The PSC would also have responsibility for establishing and enforcing a code of ethics and the disciplinary guidelines which the TTPS will follow (WTP, 5.168-5.169). The role envisaged for the reformed service commissions is not inconsistent with delegation as provided for in section 127(1) of the Constitution.
The role of the PSC and indeed the other service commissions would be akin to the role of a company’s board of directors who do not themselves manage, but establish policies, approve strategy, and provide oversight, guidance, and discipline to executive management.
In the NACCR’s conception, the PSC is not some arm of the state whose purpose, as described by Lord Diplock, is merely to insulate the police service from the politicians. It will, of course, do that. But it must do much more than that. It must oversee the human resource management of the TTPS, ensure that the Commissioner of Police and the executive of the TTPS are competent to carry out their duties, and ensure that they actually do so based on strategic plans and objectives in which the PSC has significant input.

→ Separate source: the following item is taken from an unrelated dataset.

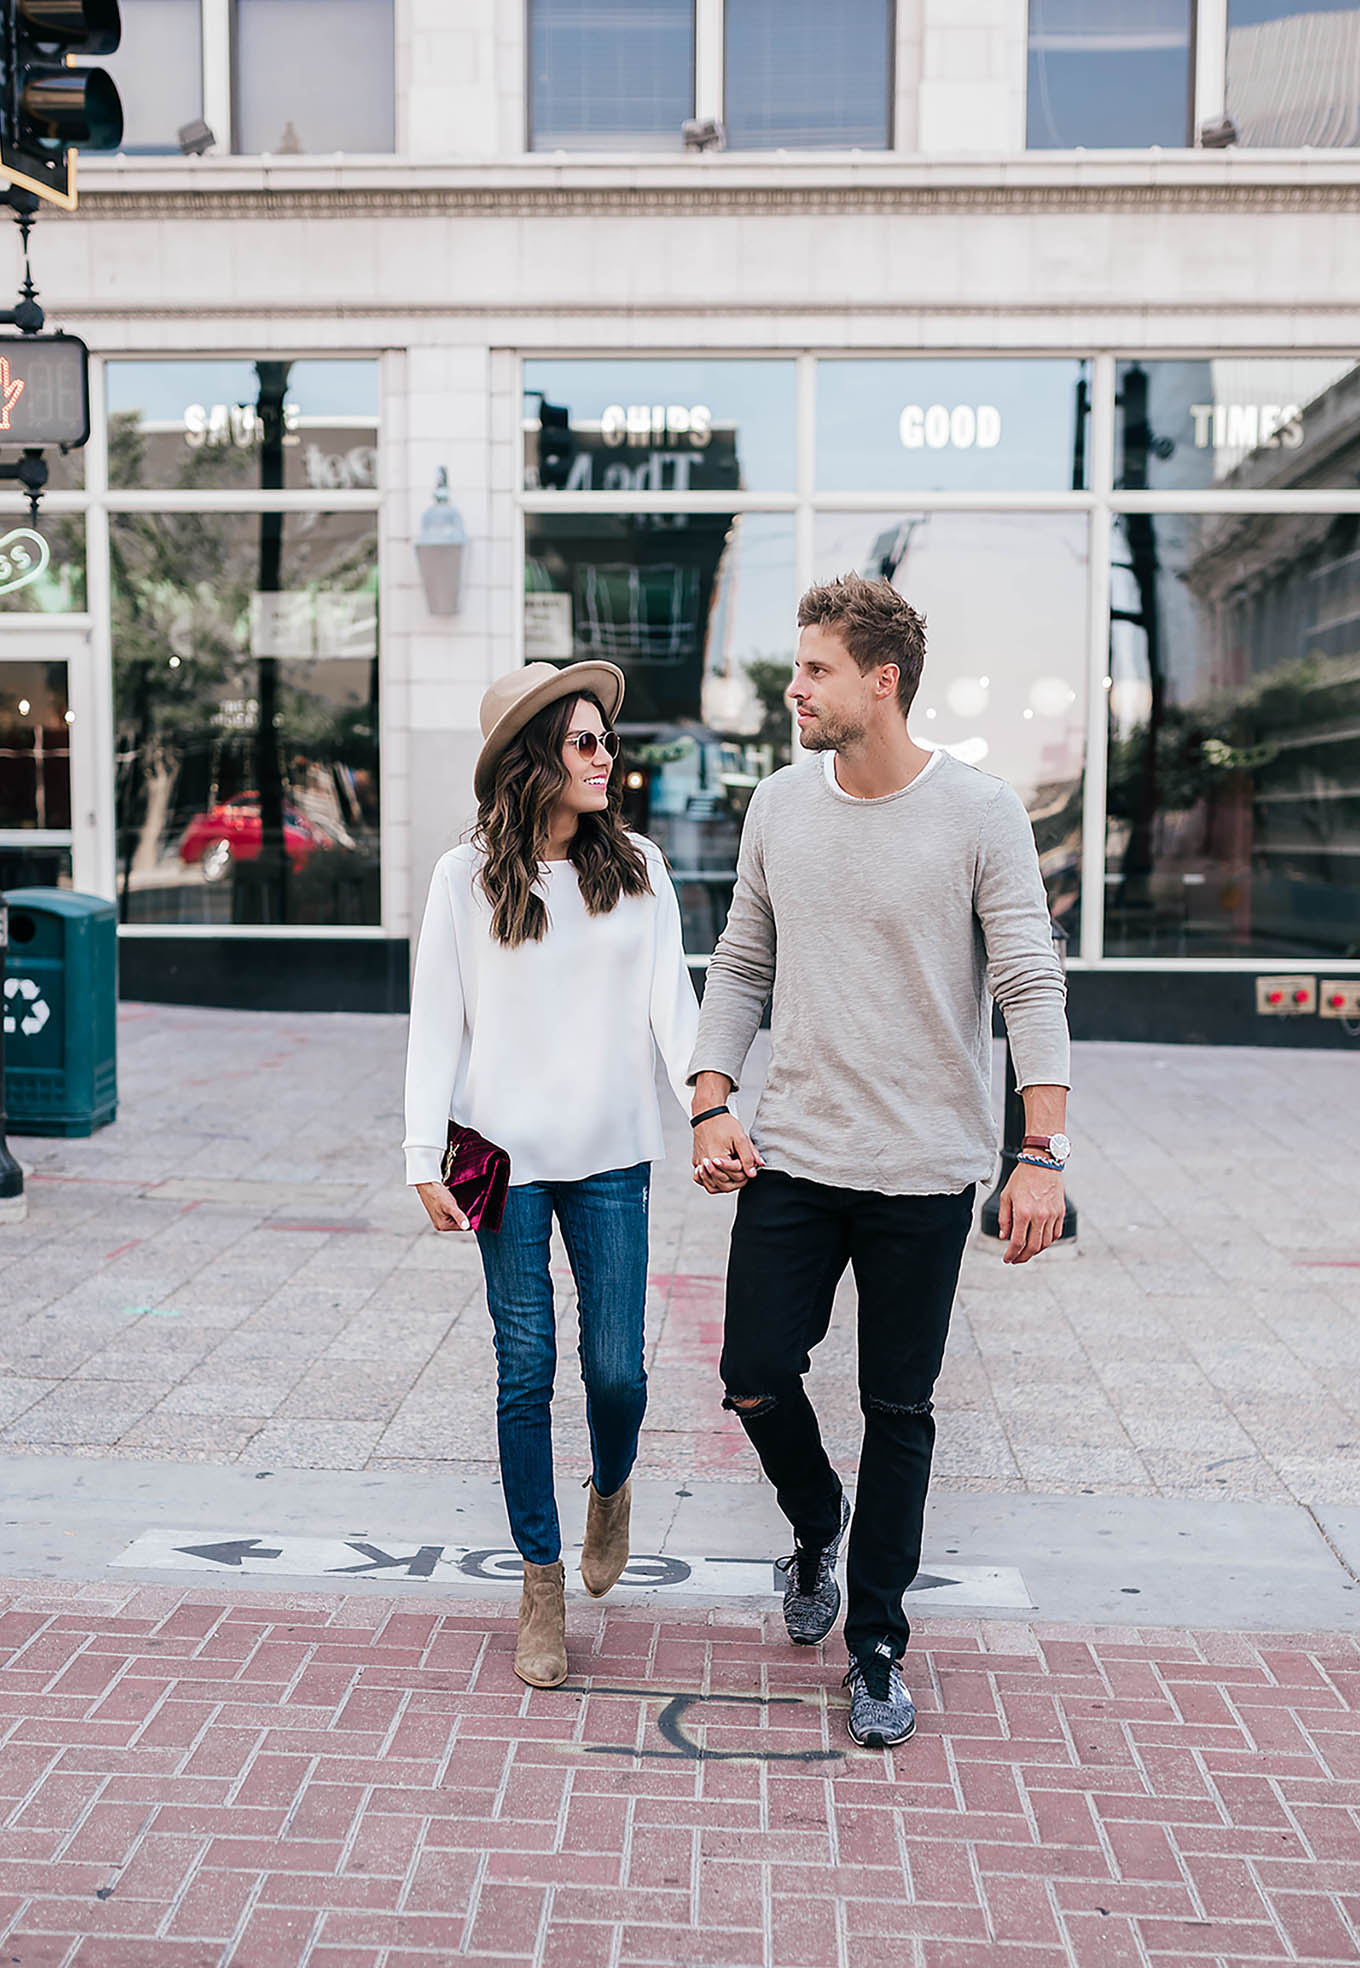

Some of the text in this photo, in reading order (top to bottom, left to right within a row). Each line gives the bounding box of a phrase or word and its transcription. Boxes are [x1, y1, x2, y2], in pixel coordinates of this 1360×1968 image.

[601, 405, 712, 448] CHIPS
[899, 403, 1001, 449] GOOD
[1190, 404, 1304, 449] TIMES
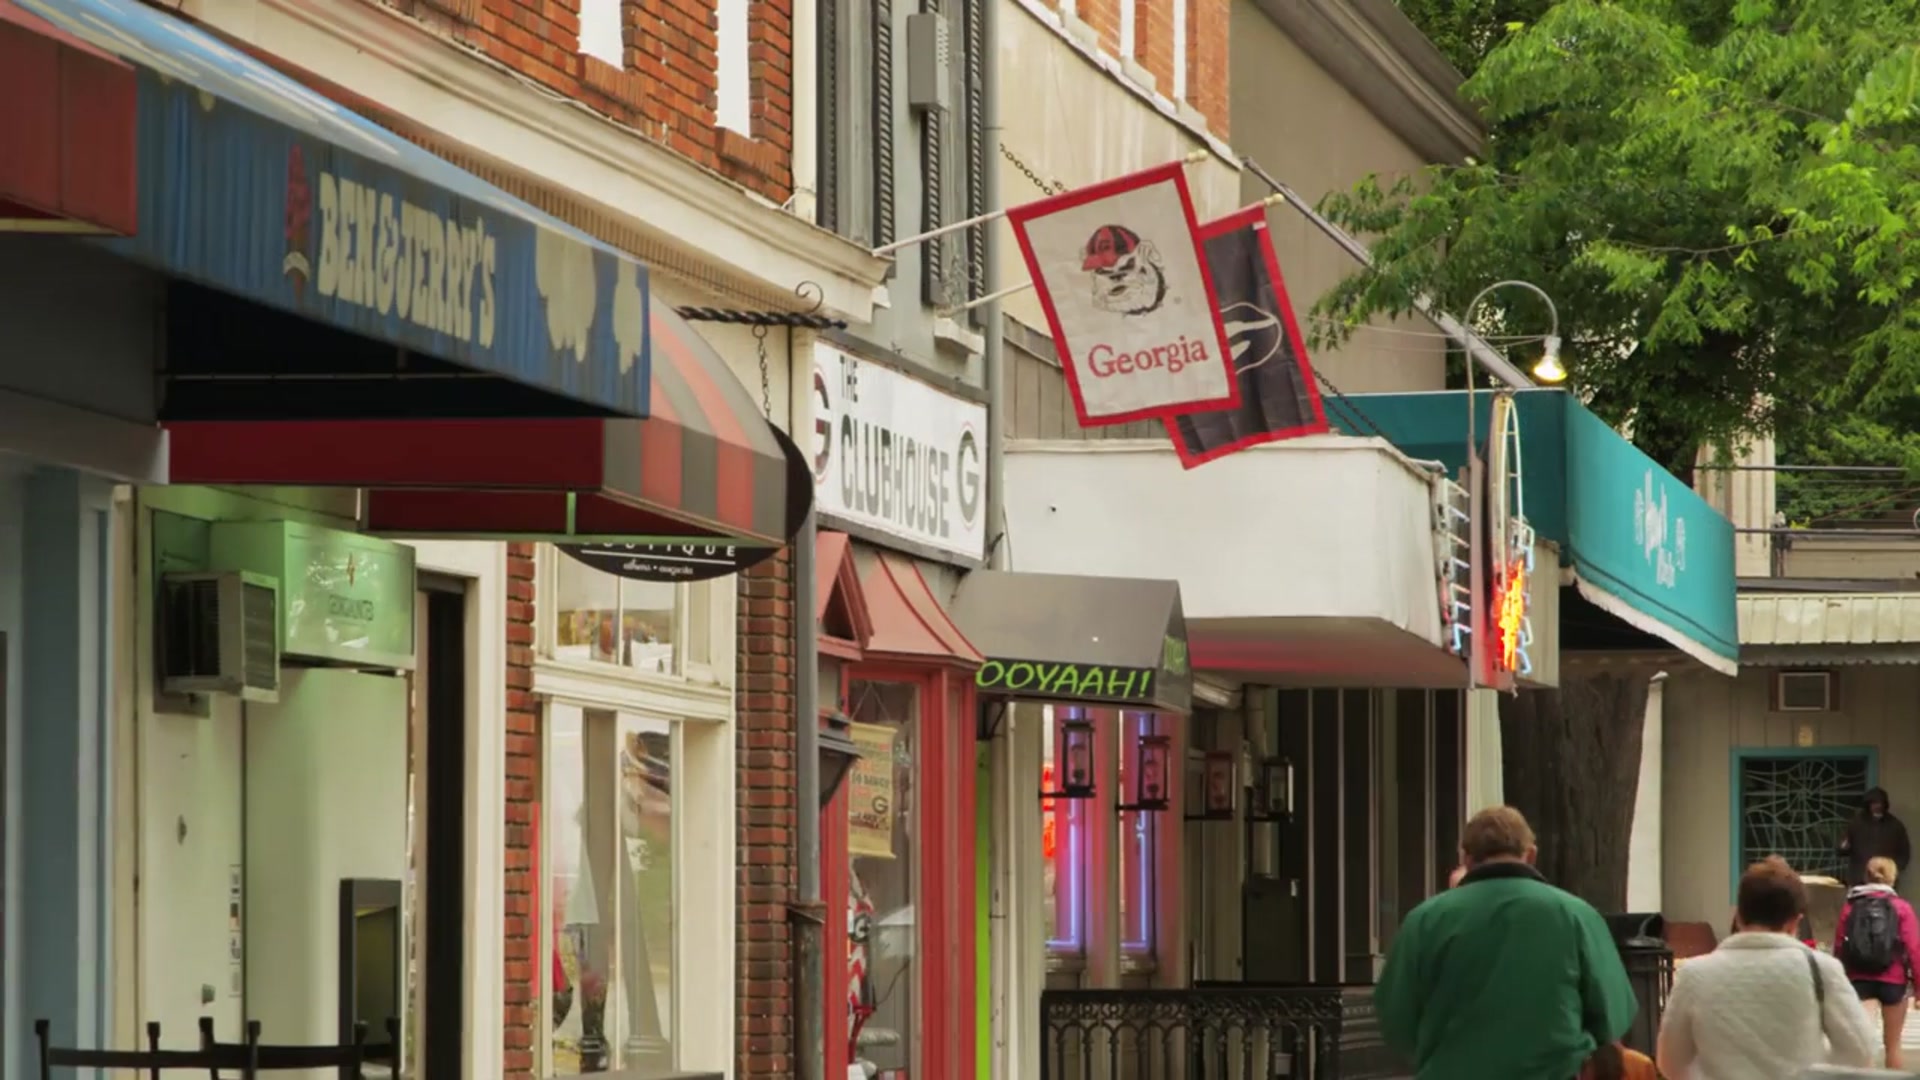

Our crime crisis will not be resolved by some “caped crusader.” It will be resolved by an effective police service which is competently led and managed. That in turn requires an independent PSC which provides the required strategic oversight and sound human resource management practices, including dealing swiftly, when necessary, with poor performance and misconduct within the executive and ranks of the TTPS.
Former chairman Jones must be complimented for her excellent analysis and her candour. A fresh set of
members of the Police Service Commission will now be appointed. However, unless there is constitutional reform, they, like all those before them, will be spinning top in mud and spectating as the crime crisis spins out of control.